Write the data out in full and word for word. Do not include images.

--

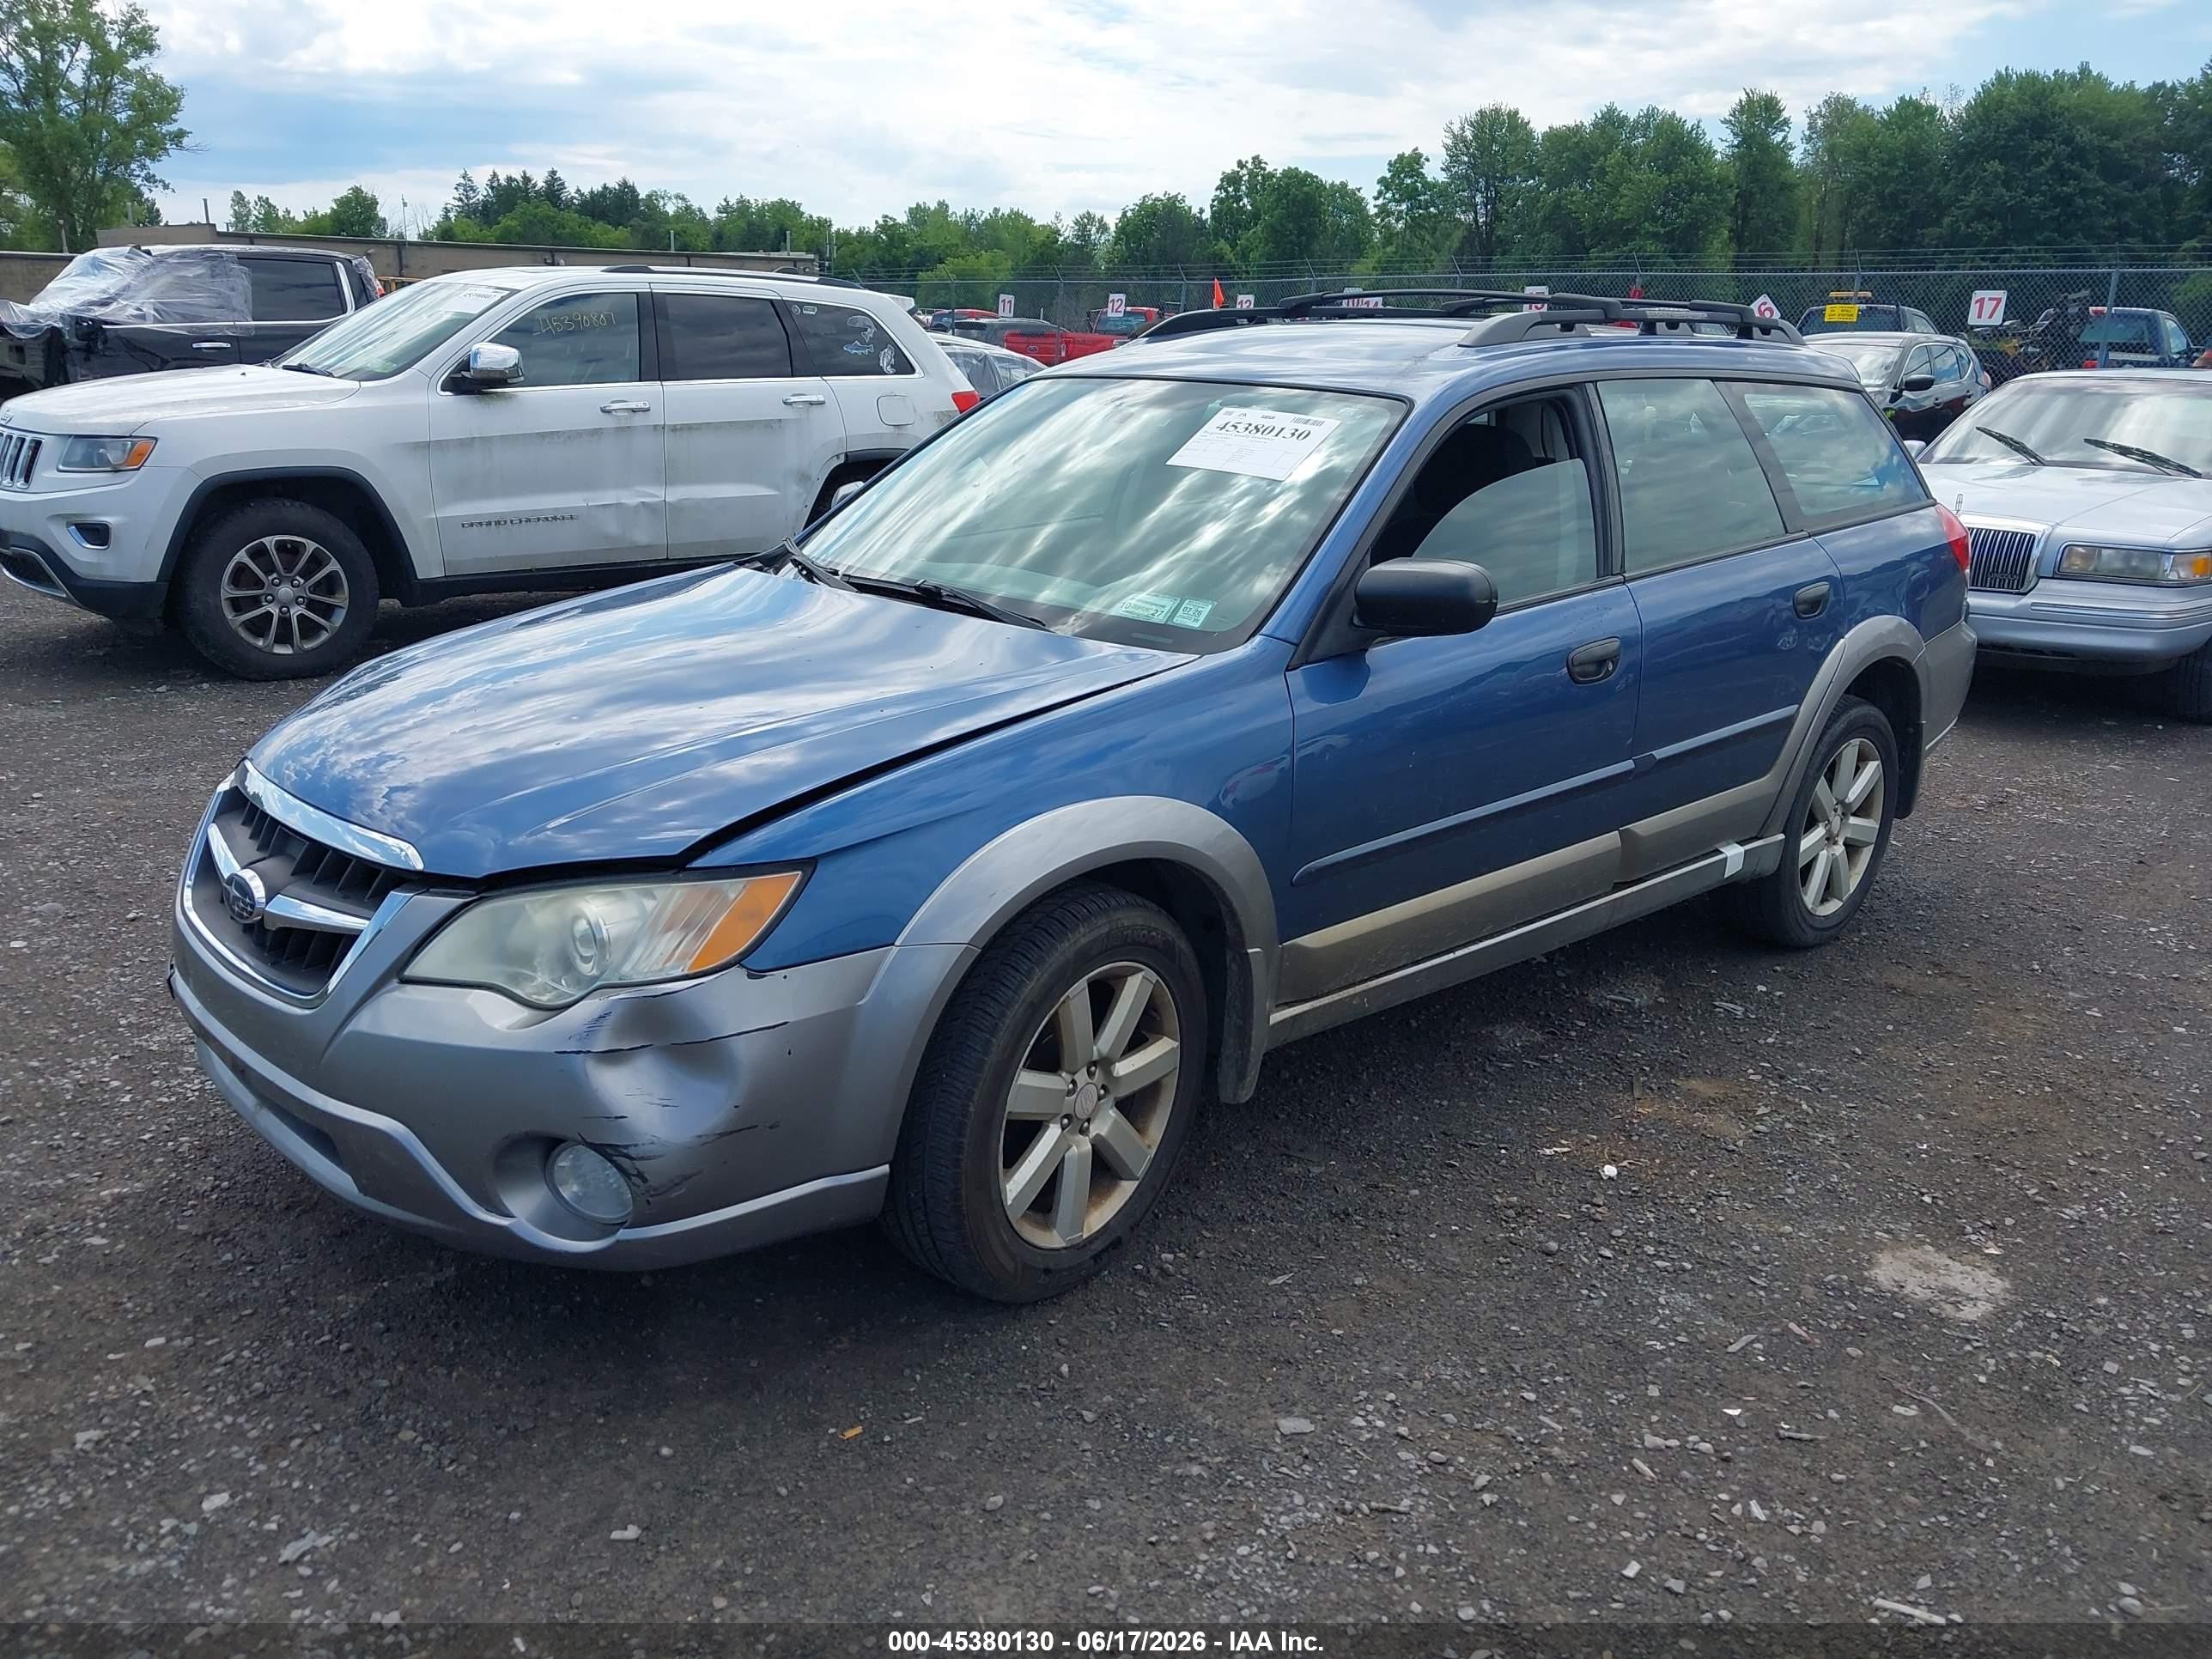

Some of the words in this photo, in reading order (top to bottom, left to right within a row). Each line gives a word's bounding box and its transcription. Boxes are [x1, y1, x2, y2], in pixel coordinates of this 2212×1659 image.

[1000, 298, 1012, 313] 11
[1109, 298, 1123, 313] 12
[1758, 301, 1774, 319] 6
[1974, 296, 2002, 319] 17
[537, 312, 616, 336] 45390807
[1216, 420, 1311, 441] 45380130
[461, 520, 507, 528] GRAND
[510, 514, 579, 525] CHEROKEE
[1151, 609, 1164, 617] 27
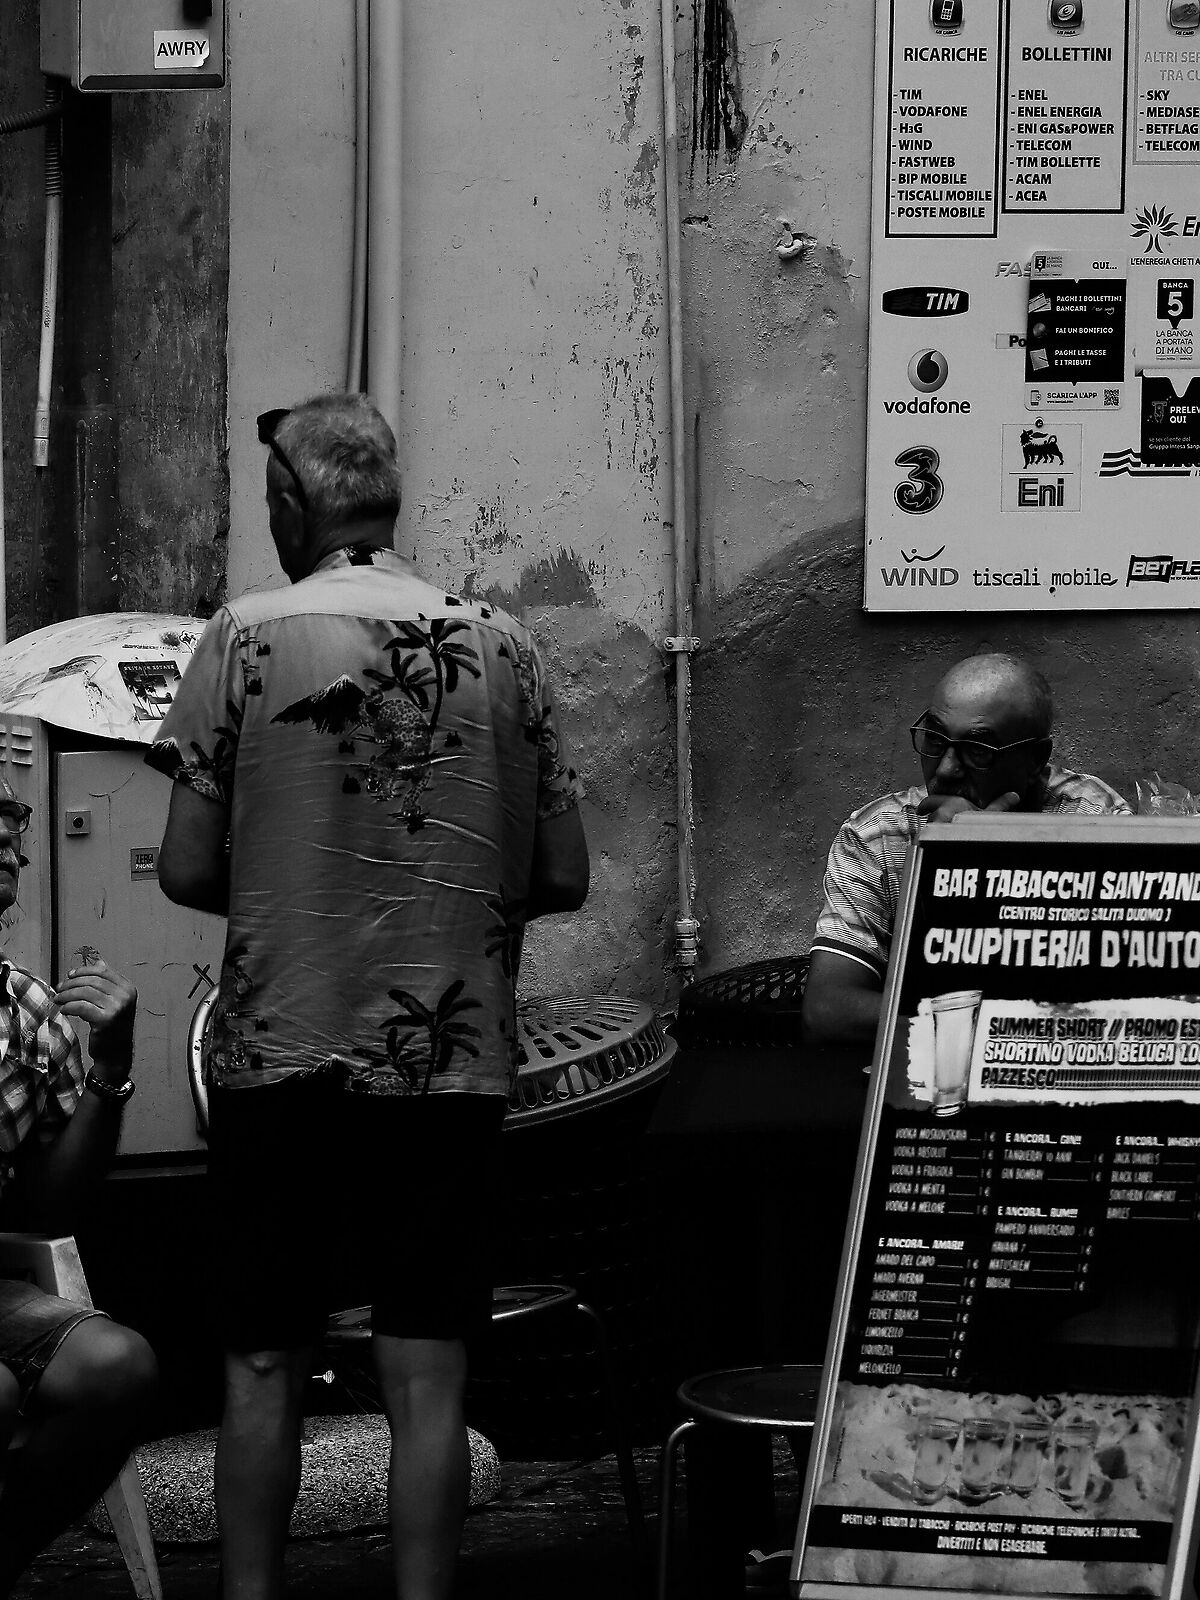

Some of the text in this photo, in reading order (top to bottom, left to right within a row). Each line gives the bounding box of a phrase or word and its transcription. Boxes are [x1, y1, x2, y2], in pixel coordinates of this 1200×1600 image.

[157, 40, 207, 57] AWRY
[904, 47, 987, 62] RICARICHE
[1022, 47, 1111, 62] BOLLETTINI
[1144, 51, 1178, 63] ALTRI
[1160, 69, 1183, 81] TRA
[899, 89, 922, 101] TIM
[1018, 89, 1048, 101] ENEL
[1146, 90, 1170, 101] SKY
[899, 106, 968, 117] VODAFONE
[1018, 106, 1102, 118] ENEL ENERGIA
[1146, 106, 1200, 118] MEDIASE
[899, 123, 923, 134] H3G
[1017, 124, 1115, 135] ENI GAS&POWER
[1146, 123, 1199, 135] BETFLAG
[899, 140, 933, 151] WIND
[1016, 140, 1072, 152] TELECOM
[1145, 140, 1200, 151] TELECOM
[899, 157, 956, 168] FASTWEB
[1016, 157, 1101, 168] TIM BOLLETTE
[899, 174, 967, 185] BIP MOBILE
[1016, 174, 1052, 185] ACAM
[897, 191, 992, 202] TISCALI MOBILE
[1015, 191, 1047, 202] ACEA
[897, 207, 985, 219] POSTE MOBILE
[1130, 258, 1170, 266] L'ENEREGIA
[1171, 258, 1188, 266] CHE
[926, 293, 960, 311] TIM
[1167, 291, 1184, 317] 5
[1166, 329, 1193, 338] BANCA
[1009, 336, 1026, 347] Po
[1155, 346, 1193, 355] DI MANO
[884, 396, 971, 414] vodafone
[1169, 415, 1187, 424] QUI
[894, 445, 945, 515] 3
[1018, 478, 1064, 507] Eni
[881, 567, 960, 587] WIND
[973, 568, 1112, 587] tiscali mobile
[933, 868, 979, 898] BAR
[985, 869, 1096, 900] TABACCHI
[1047, 906, 1089, 922] STORICO
[1091, 907, 1124, 921] SALITA
[1126, 908, 1163, 922] DUOMO
[923, 927, 1200, 969] CHUPITERIA D'AUTO
[988, 1016, 1055, 1039] SUMMER
[1057, 1017, 1107, 1039] SHORT
[1124, 1018, 1179, 1039] PROMO
[984, 1040, 1177, 1065] SHORTINO VODKA BELUGA
[895, 1128, 917, 1139] VODKA
[1005, 1132, 1012, 1143] E
[1115, 1135, 1122, 1146] E
[893, 1146, 947, 1158] VODKA ABSOLUT
[891, 1164, 953, 1177] VODKA A FRAGOLA
[889, 1182, 945, 1195] VODKA A MENTA
[885, 1200, 946, 1213] VODKA A MELONE
[997, 1206, 1003, 1216] E
[878, 1237, 885, 1247] E
[875, 1254, 935, 1267] AMARO DEL CAPO
[872, 1272, 896, 1283] AMARO
[868, 1308, 919, 1320] FERNET BRANCA
[864, 1326, 904, 1338] LIMONCELLO
[858, 1362, 902, 1374] MELONCELLO
[841, 1513, 863, 1525] APERTI
[937, 1535, 999, 1551] DIVERTITI E NON
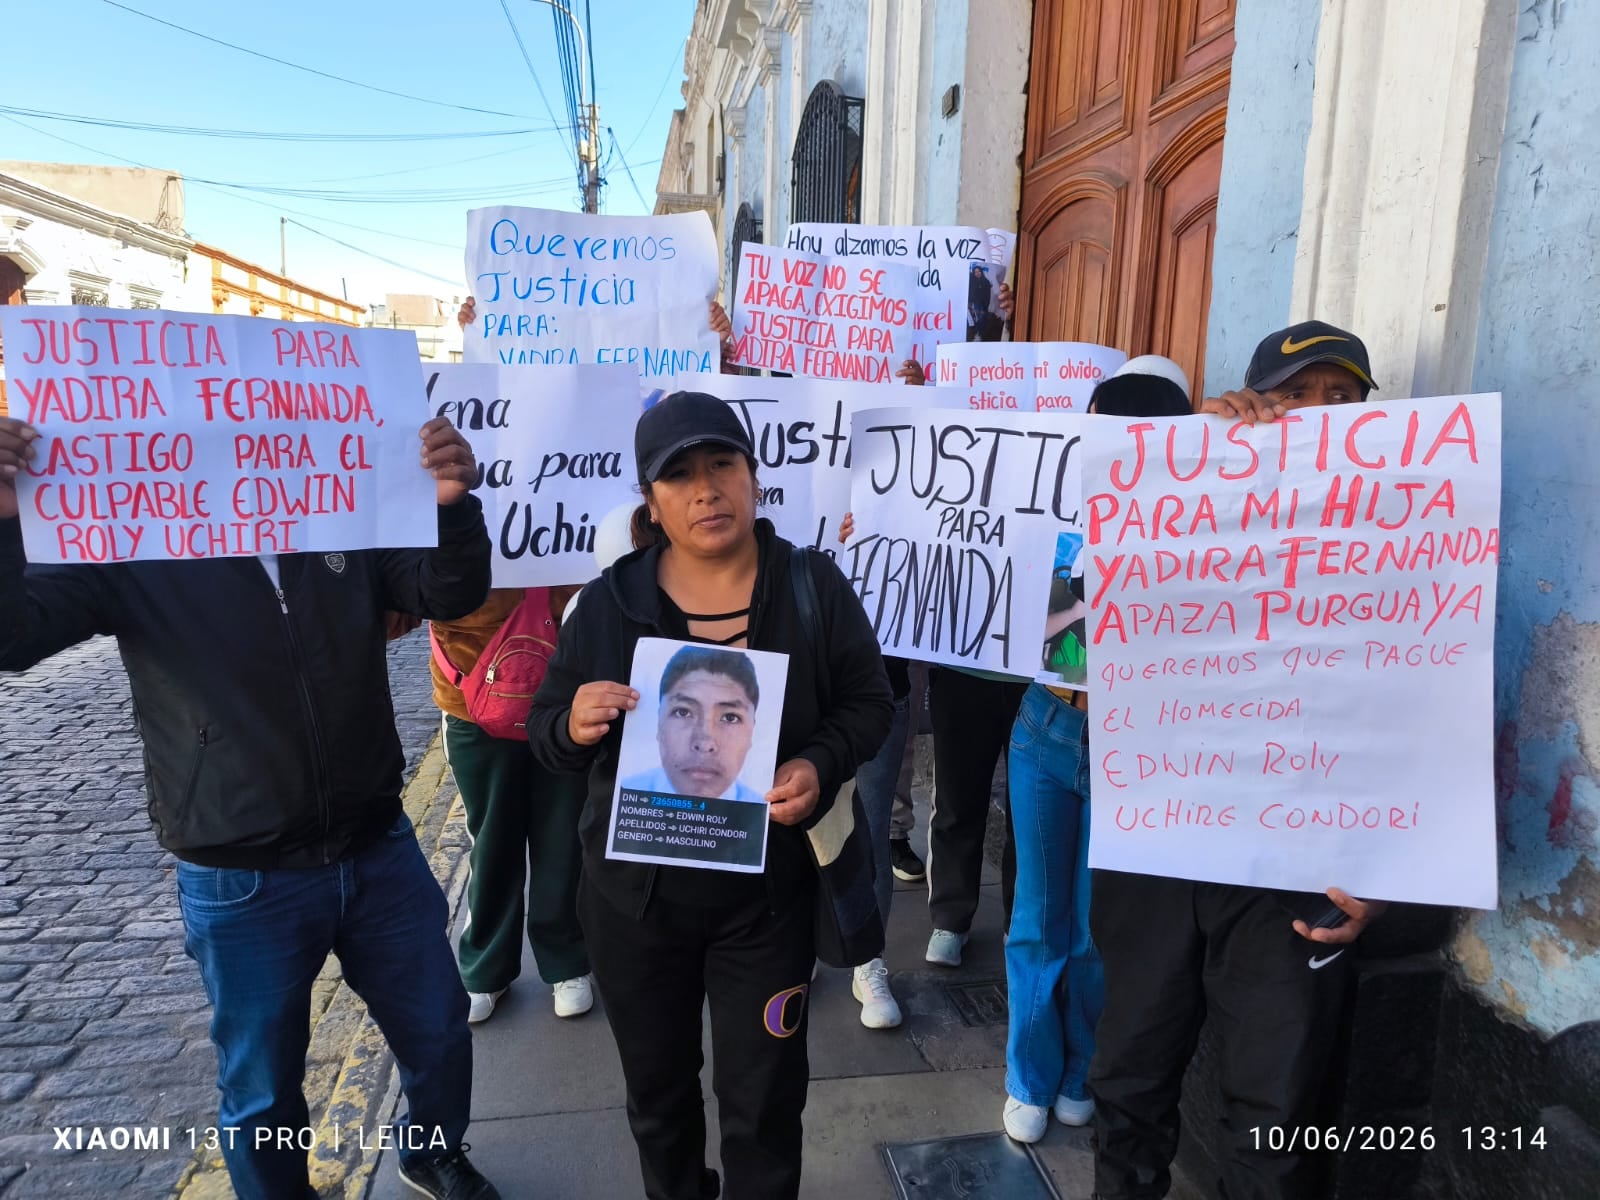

--

→ **Response**:
Some of the words in this photo, in reading order (top to bottom, left to right within a row). Each line gives a word's bounding box and its transcription. Boxes are [x1, y1, x2, y2], in pixel coordinates of this 2212×1659 image.

[1000, 298, 1012, 313] 11
[1109, 298, 1123, 313] 12
[1758, 301, 1774, 319] 6
[1974, 296, 2002, 319] 17
[537, 312, 616, 336] 45390807
[1216, 420, 1311, 441] 45380130
[461, 520, 507, 528] GRAND
[510, 514, 579, 525] CHEROKEE
[1151, 609, 1164, 617] 27

Some of the text in this photo, in reading order (top to bottom, left to right within a row). Each line gives the bounding box of a phrase or word and its transcription. Boxes are [x1, y1, x2, y2], in pixel coordinates of this 1200×1600 image.

[157, 40, 207, 57] AWRY
[904, 47, 987, 62] RICARICHE
[1022, 47, 1111, 62] BOLLETTINI
[1144, 51, 1178, 63] ALTRI
[1160, 69, 1183, 81] TRA
[899, 89, 922, 101] TIM
[1018, 89, 1048, 101] ENEL
[1146, 90, 1170, 101] SKY
[899, 106, 968, 117] VODAFONE
[1018, 106, 1102, 118] ENEL ENERGIA
[1146, 106, 1200, 118] MEDIASE
[899, 123, 923, 134] H3G
[1017, 124, 1115, 135] ENI GAS&POWER
[1146, 123, 1199, 135] BETFLAG
[899, 140, 933, 151] WIND
[1016, 140, 1072, 152] TELECOM
[1145, 140, 1200, 151] TELECOM
[899, 157, 956, 168] FASTWEB
[1016, 157, 1101, 168] TIM BOLLETTE
[899, 174, 967, 185] BIP MOBILE
[1016, 174, 1052, 185] ACAM
[897, 191, 992, 202] TISCALI MOBILE
[1015, 191, 1047, 202] ACEA
[897, 207, 985, 219] POSTE MOBILE
[1130, 258, 1170, 266] L'ENEREGIA
[1171, 258, 1188, 266] CHE
[926, 293, 960, 311] TIM
[1167, 291, 1184, 317] 5
[1166, 329, 1193, 338] BANCA
[1009, 336, 1026, 347] Po
[1155, 346, 1193, 355] DI MANO
[884, 396, 971, 414] vodafone
[1169, 415, 1187, 424] QUI
[894, 445, 945, 515] 3
[1018, 478, 1064, 507] Eni
[881, 567, 960, 587] WIND
[973, 568, 1112, 587] tiscali mobile
[933, 868, 979, 898] BAR
[985, 869, 1096, 900] TABACCHI
[1047, 906, 1089, 922] STORICO
[1091, 907, 1124, 921] SALITA
[1126, 908, 1163, 922] DUOMO
[923, 927, 1200, 969] CHUPITERIA D'AUTO
[988, 1016, 1055, 1039] SUMMER
[1057, 1017, 1107, 1039] SHORT
[1124, 1018, 1179, 1039] PROMO
[984, 1040, 1177, 1065] SHORTINO VODKA BELUGA
[895, 1128, 917, 1139] VODKA
[1005, 1132, 1012, 1143] E
[1115, 1135, 1122, 1146] E
[893, 1146, 947, 1158] VODKA ABSOLUT
[891, 1164, 953, 1177] VODKA A FRAGOLA
[889, 1182, 945, 1195] VODKA A MENTA
[885, 1200, 946, 1213] VODKA A MELONE
[997, 1206, 1003, 1216] E
[878, 1237, 885, 1247] E
[875, 1254, 935, 1267] AMARO DEL CAPO
[872, 1272, 896, 1283] AMARO
[868, 1308, 919, 1320] FERNET BRANCA
[864, 1326, 904, 1338] LIMONCELLO
[858, 1362, 902, 1374] MELONCELLO
[841, 1513, 863, 1525] APERTI
[937, 1535, 999, 1551] DIVERTITI E NON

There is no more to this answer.